[[ Dataset records open ]]

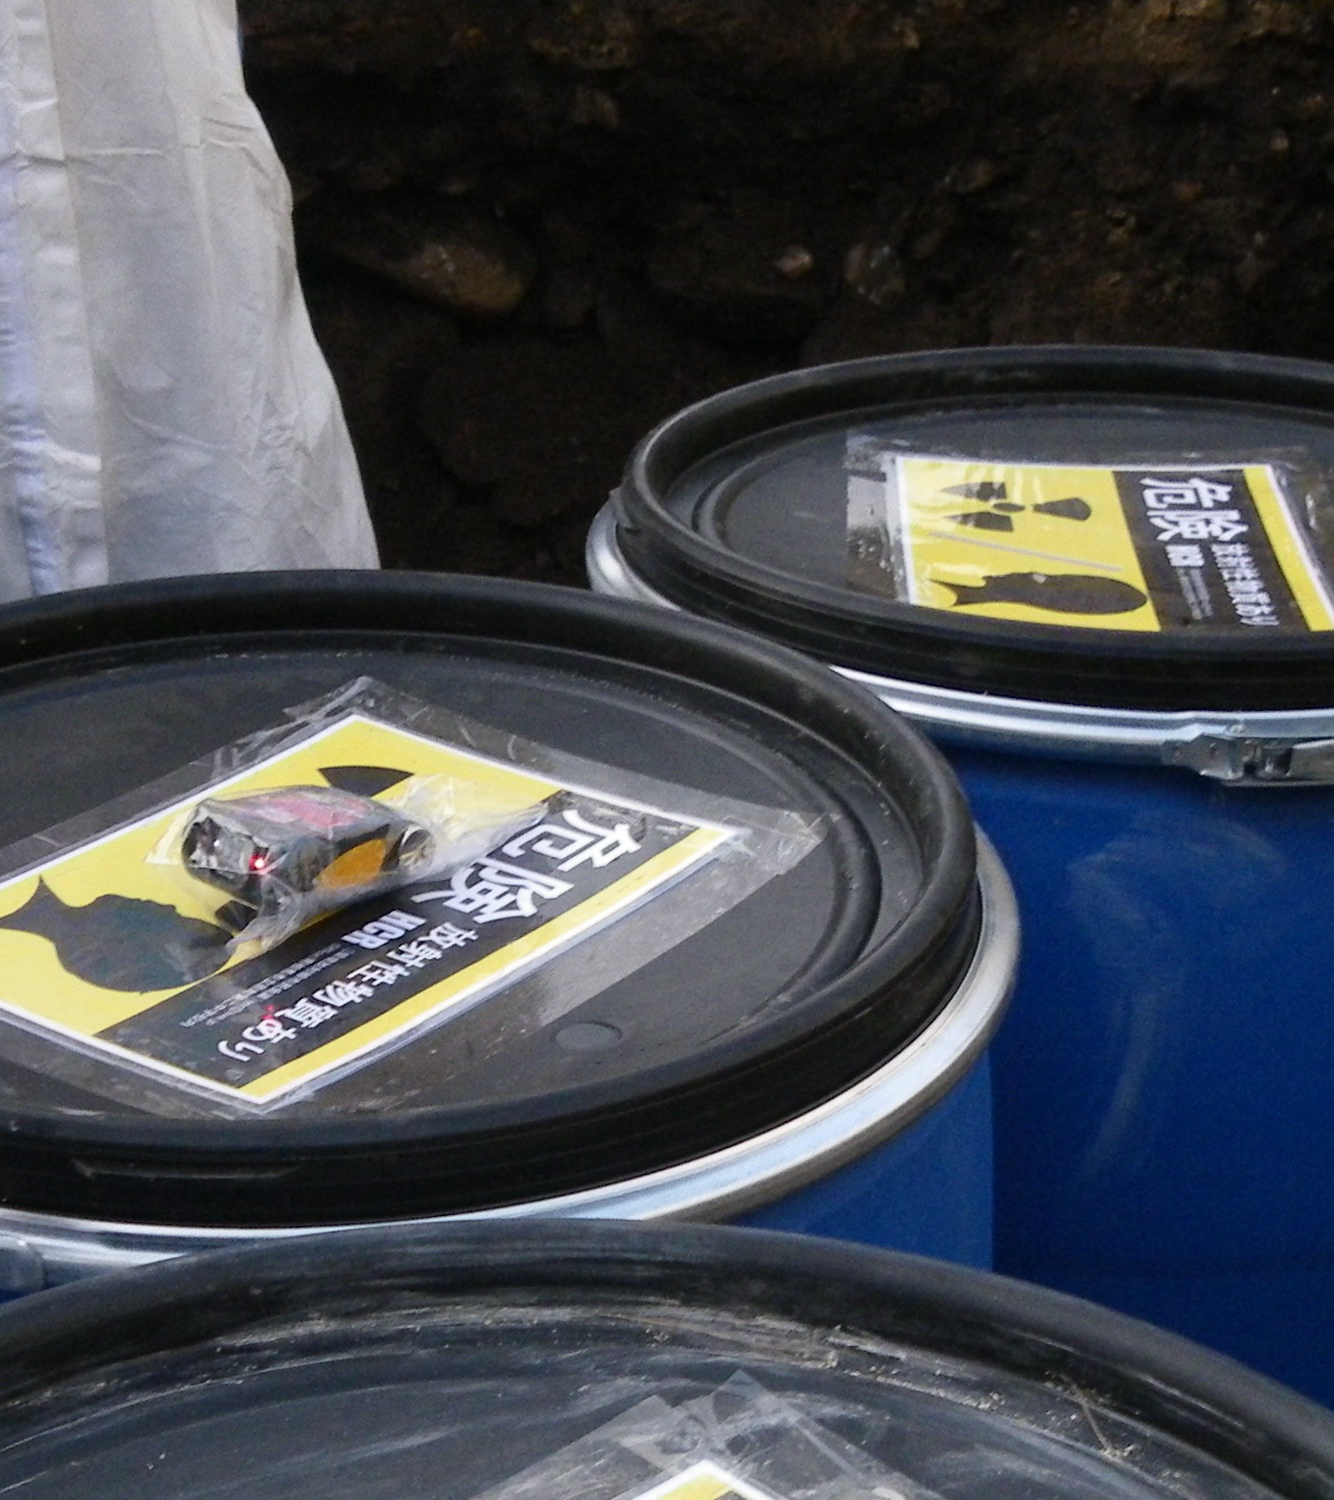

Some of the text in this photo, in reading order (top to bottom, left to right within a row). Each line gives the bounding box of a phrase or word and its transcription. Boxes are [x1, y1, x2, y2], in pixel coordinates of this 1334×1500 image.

[1139, 476, 1249, 541] 危険
[411, 809, 642, 924] 危険
[340, 909, 427, 950] HCR
[217, 921, 480, 1062] 放射性物質あり
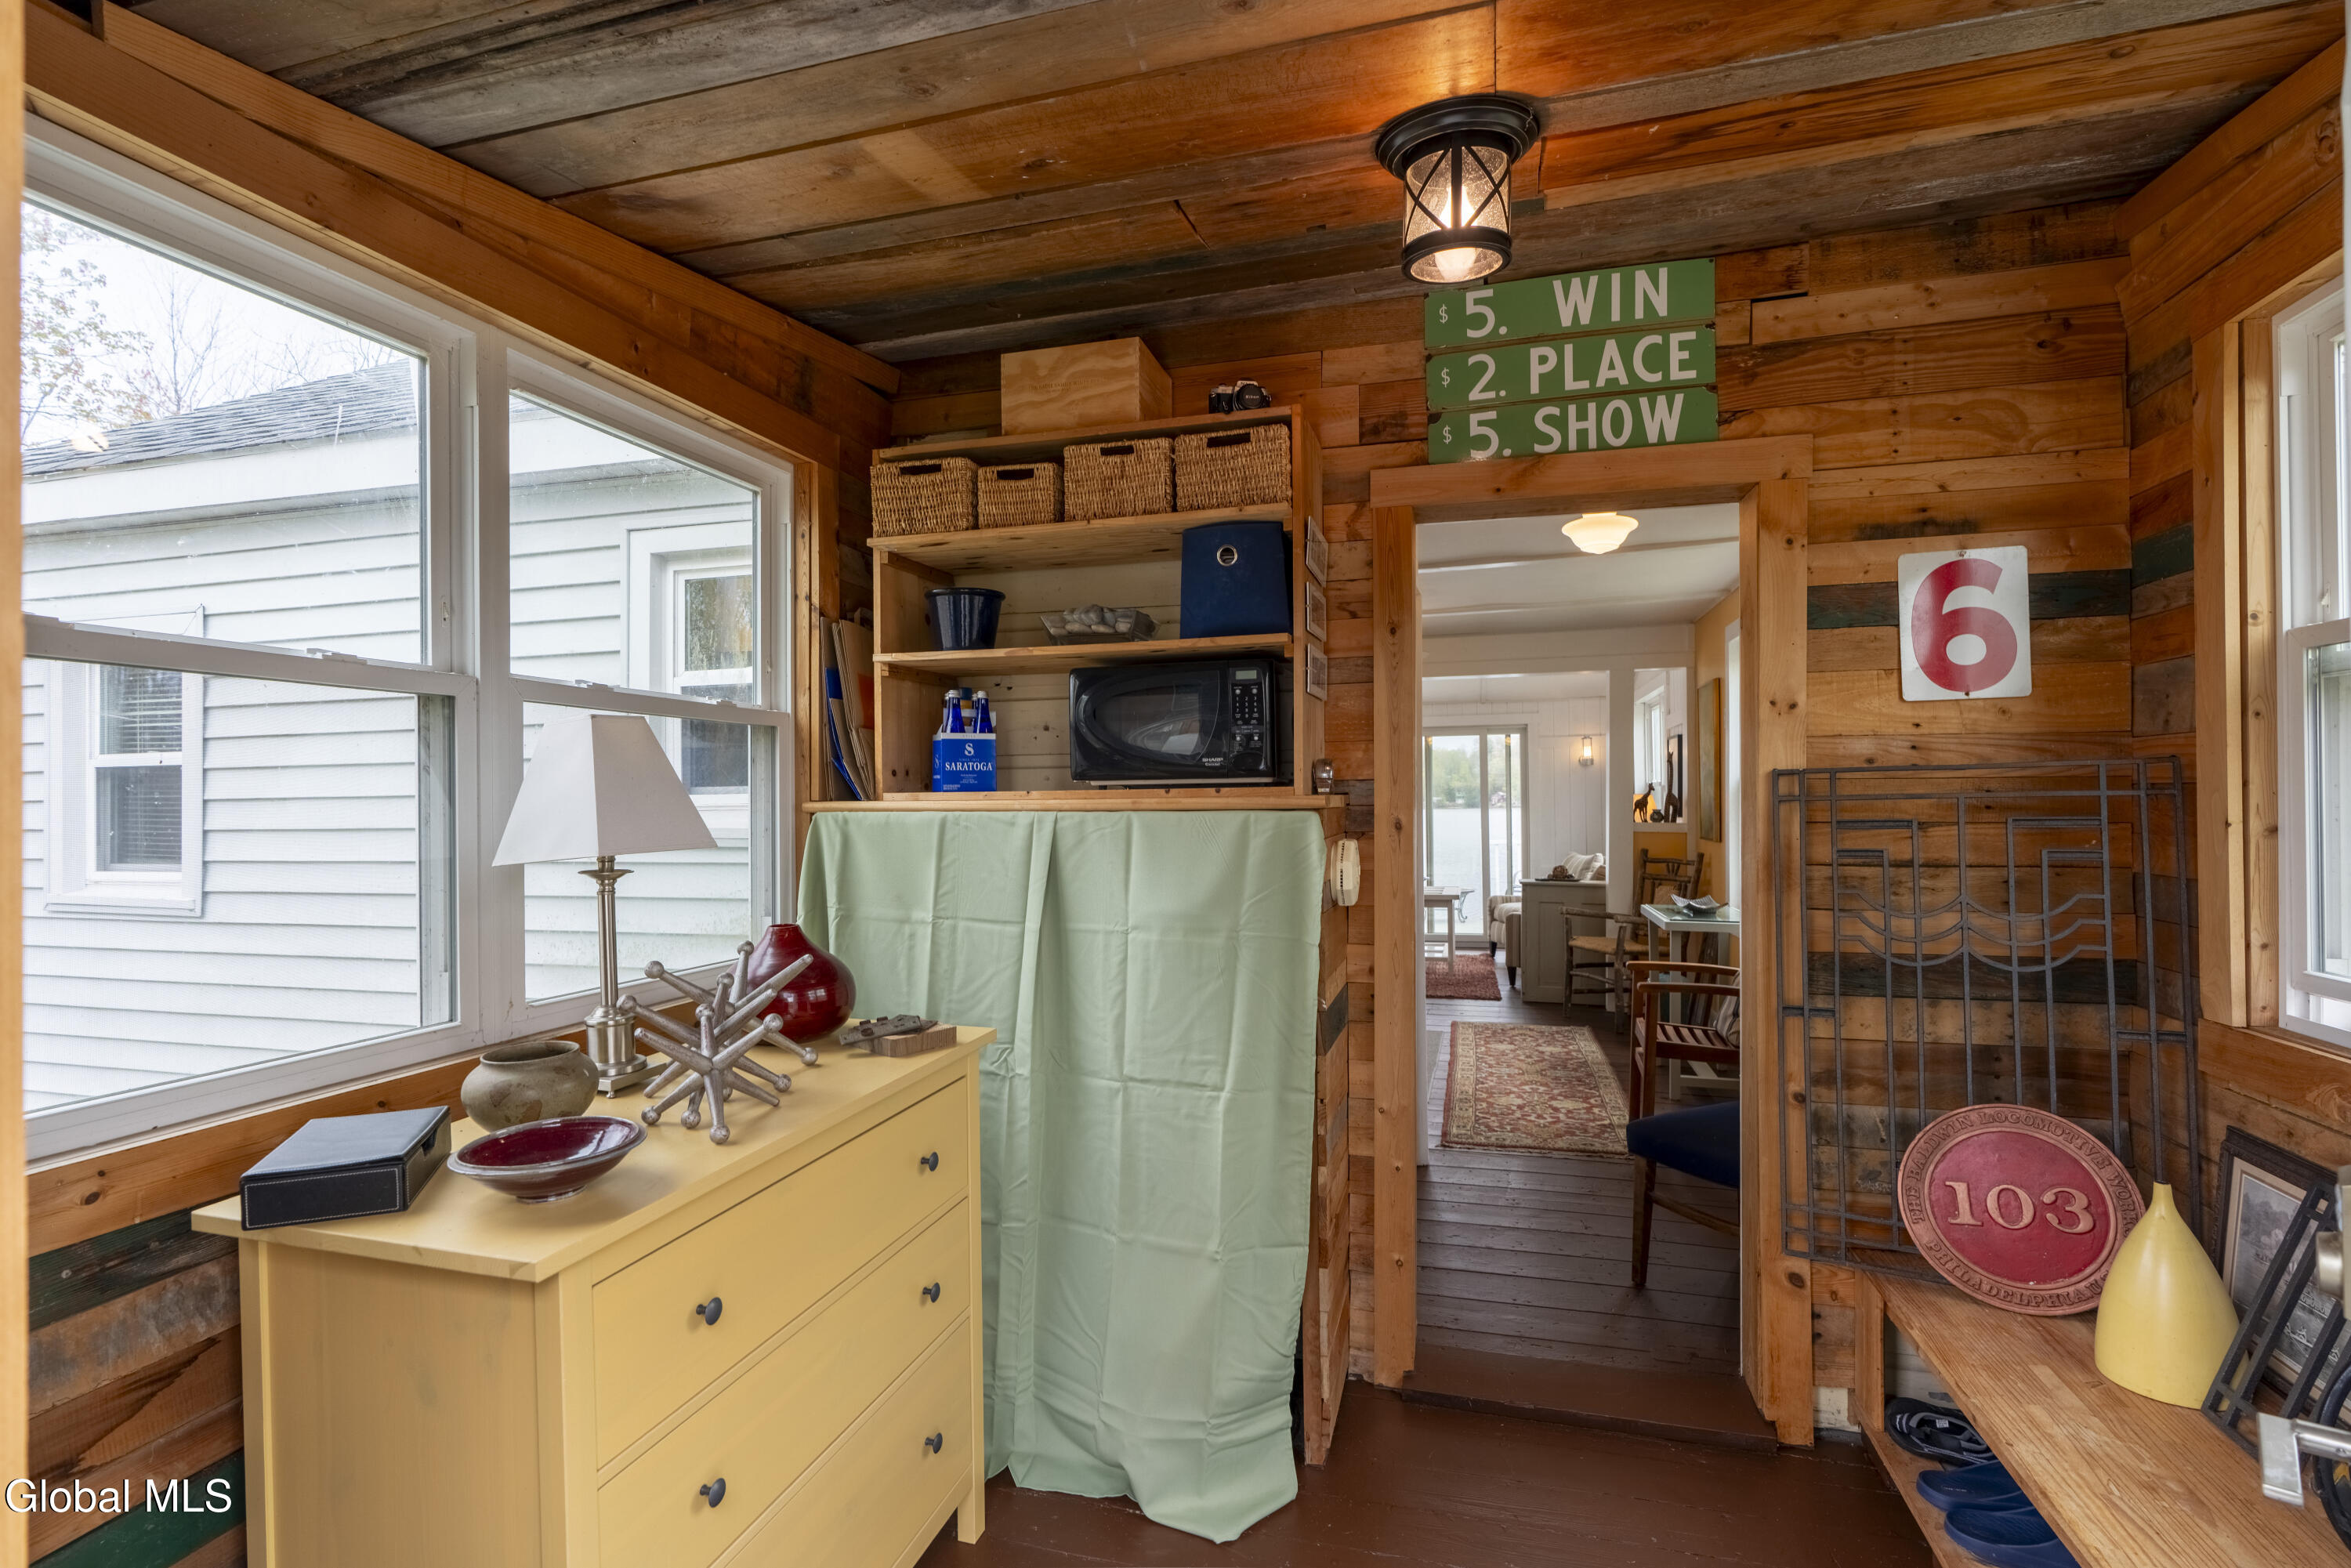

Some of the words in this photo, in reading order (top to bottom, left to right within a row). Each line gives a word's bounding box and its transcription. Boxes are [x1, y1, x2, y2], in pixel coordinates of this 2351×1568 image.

[1439, 303, 1448, 324] $
[1465, 288, 1508, 339] 5.
[1552, 267, 1668, 328] WIN
[1440, 367, 1451, 387] $
[1468, 353, 1506, 401] 2.
[1530, 331, 1697, 395] PLACE
[1442, 425, 1452, 444] $
[1469, 410, 1512, 459] 5.
[1534, 393, 1684, 454] SHOW
[1911, 558, 2018, 693] 6
[945, 762, 993, 771] SARATOGA
[965, 742, 974, 756] S
[1907, 1114, 1974, 1181] BALDWIN
[1979, 1110, 2113, 1170] LOCOMOTIVE
[1906, 1184, 1925, 1224] THE
[1944, 1182, 2096, 1234] 103

[[ Dataset records closed ]]

Without any pictures, return the material above exactly.

Reply to the exercise:
Some of the text in this photo, in reading order (top to bottom, left to right within a row). Each line gives the bounding box of a phrase or word and its transcription. Boxes are [x1, y1, x2, y2], in pixel coordinates of this 1334×1500 image.

[1139, 476, 1249, 541] 危険
[411, 809, 642, 924] 危険
[340, 909, 427, 950] HCR
[217, 921, 480, 1062] 放射性物質あり

Some of the words in this photo, in reading order (top to bottom, left to right within a row). Each line gives a word's bounding box and its transcription. Boxes are [x1, y1, x2, y2], in pixel coordinates of this 2351×1568 image.

[1439, 303, 1448, 324] $
[1465, 288, 1508, 339] 5.
[1552, 267, 1668, 328] WIN
[1440, 367, 1451, 387] $
[1468, 353, 1506, 401] 2.
[1530, 331, 1697, 395] PLACE
[1442, 425, 1452, 444] $
[1469, 410, 1512, 459] 5.
[1534, 393, 1684, 454] SHOW
[1911, 558, 2018, 693] 6
[945, 762, 993, 771] SARATOGA
[965, 742, 974, 756] S
[1907, 1114, 1974, 1181] BALDWIN
[1979, 1110, 2113, 1170] LOCOMOTIVE
[1906, 1184, 1925, 1224] THE
[1944, 1182, 2096, 1234] 103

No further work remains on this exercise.